DIRECTIONS: Which lines of the data contain the string "Choose"? Copy every one.

Image-backed grounding data:
^^^^^^^^^^^^^^^^
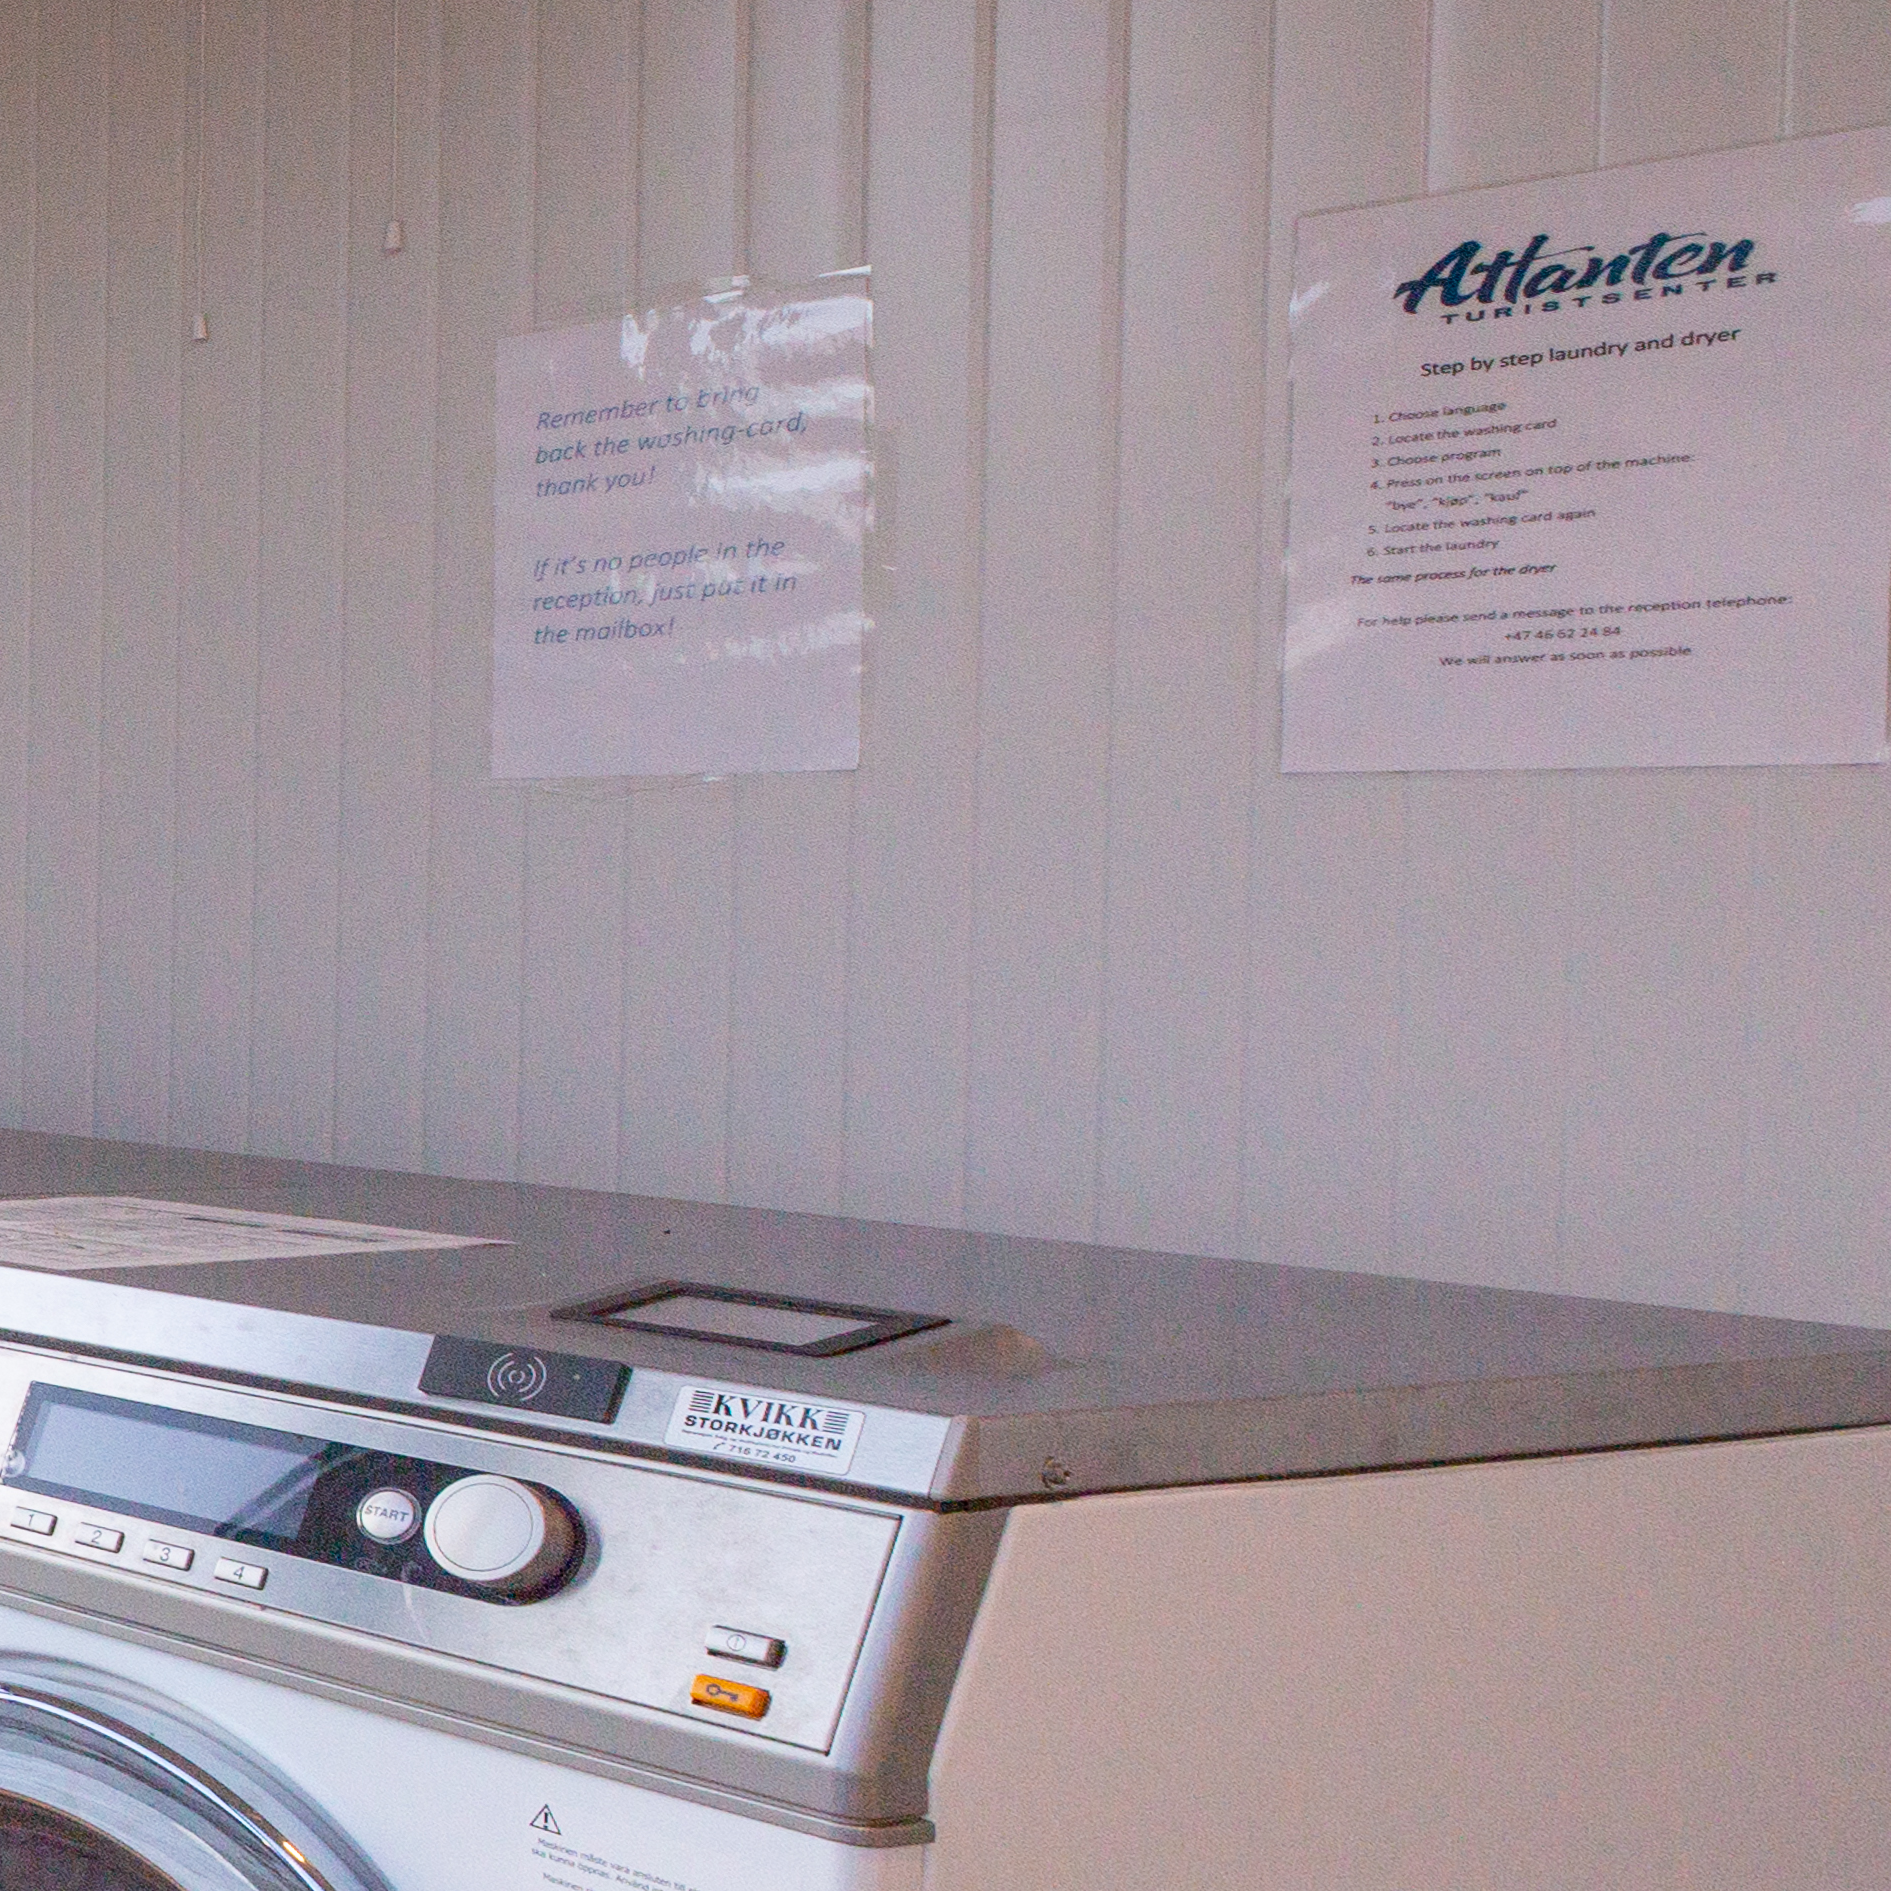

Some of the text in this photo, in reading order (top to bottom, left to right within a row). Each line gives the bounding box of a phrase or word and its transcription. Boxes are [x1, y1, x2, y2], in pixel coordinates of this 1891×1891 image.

[1393, 232, 1755, 314] Atlanten
[1440, 272, 1777, 324] TURISTSENTER
[1420, 327, 1742, 377] Step by step laundry and dryer
[537, 385, 760, 431] Remember to bring
[1373, 402, 1507, 424] 1. Choose language
[1372, 419, 1557, 447] 2. Locate the washing card
[536, 442, 587, 465] back
[593, 435, 629, 457] the
[1371, 448, 1502, 468] 3. Choose program
[537, 465, 656, 498] thank you!
[1370, 480, 1382, 490] 4.
[1387, 478, 1421, 488] Press
[1426, 477, 1442, 487] on
[1448, 474, 1470, 483] the
[1475, 469, 1521, 481] screen
[1525, 467, 1543, 477] on
[1548, 465, 1572, 477] top
[1576, 461, 1592, 472] of
[1595, 459, 1620, 470] the
[1369, 508, 1596, 535] 5. Locate the washing card again
[533, 538, 785, 582] If it's no people in the
[1367, 539, 1500, 557] 6. Start the laundry
[1351, 564, 1557, 585] The same process for the dryer
[648, 580, 695, 608] just
[701, 579, 742, 601] put
[749, 575, 767, 594] it
[775, 572, 798, 593] in
[1357, 616, 1378, 627] For
[1382, 615, 1412, 627] help
[1415, 613, 1459, 626] please
[1462, 610, 1497, 622] send
[1500, 611, 1509, 620] a
[1512, 607, 1575, 621] message
[1579, 605, 1594, 616] to
[1599, 604, 1623, 614] the
[1628, 600, 1701, 613] reception
[533, 616, 676, 645] the mailbox!
[1439, 646, 1692, 666] We will answer as soon as possible
[712, 1393, 824, 1431] KVIKK
[684, 1414, 842, 1451] STORKJØKKEN
[729, 1444, 797, 1464] 716 72 450
[28, 1514, 35, 1526] 1
[364, 1505, 410, 1522] START
[91, 1530, 103, 1545] 2
[160, 1547, 170, 1562] 3
[233, 1566, 245, 1580] 4
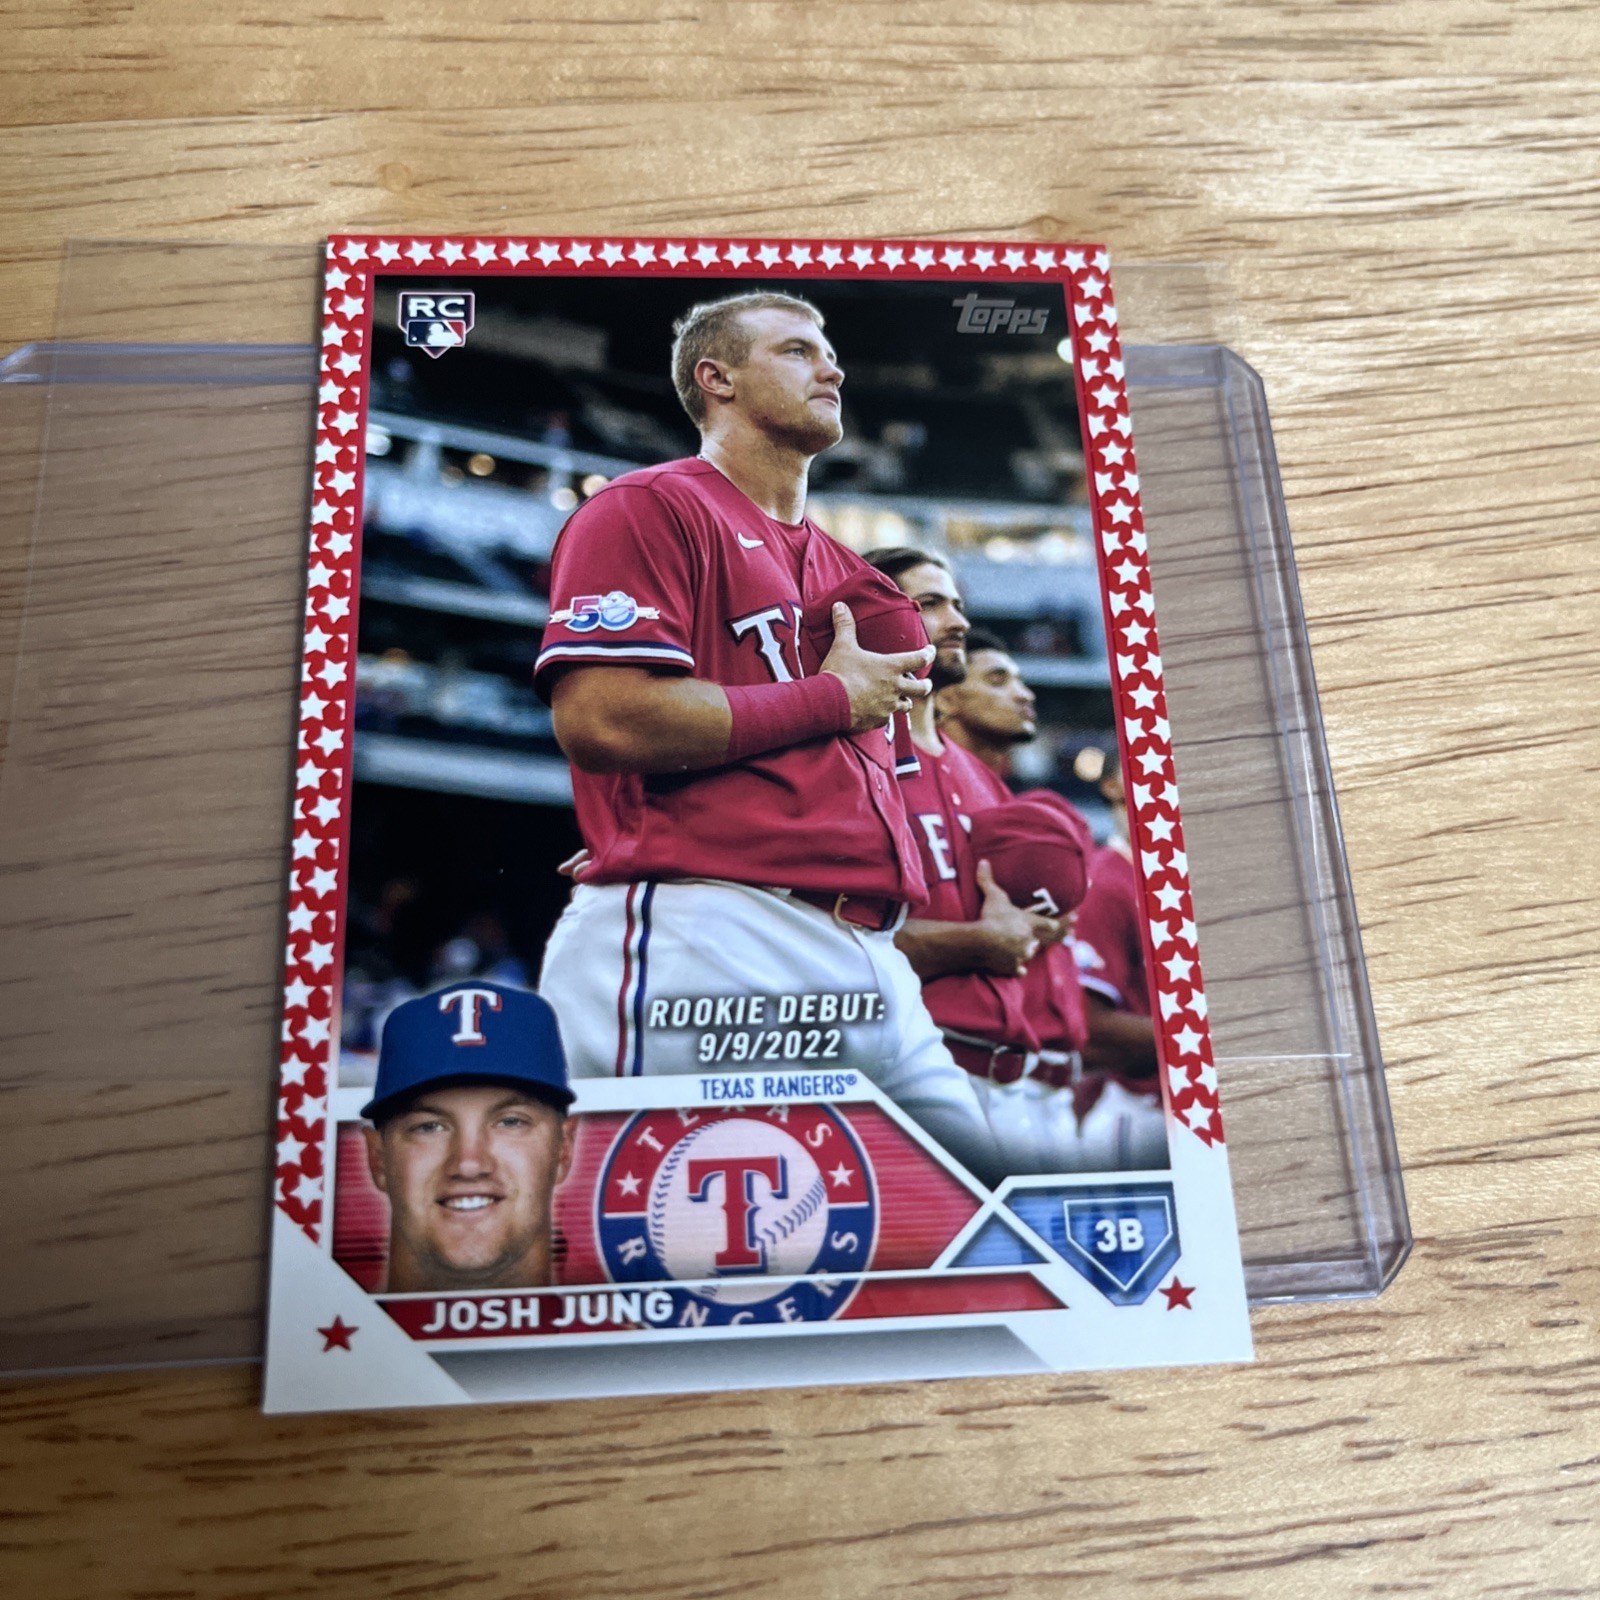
^^^^^^^^^^^^^^^^
OUTPUT FOR THIS TASK:
[1373, 402, 1507, 424] 1. Choose language
[1371, 448, 1502, 468] 3. Choose program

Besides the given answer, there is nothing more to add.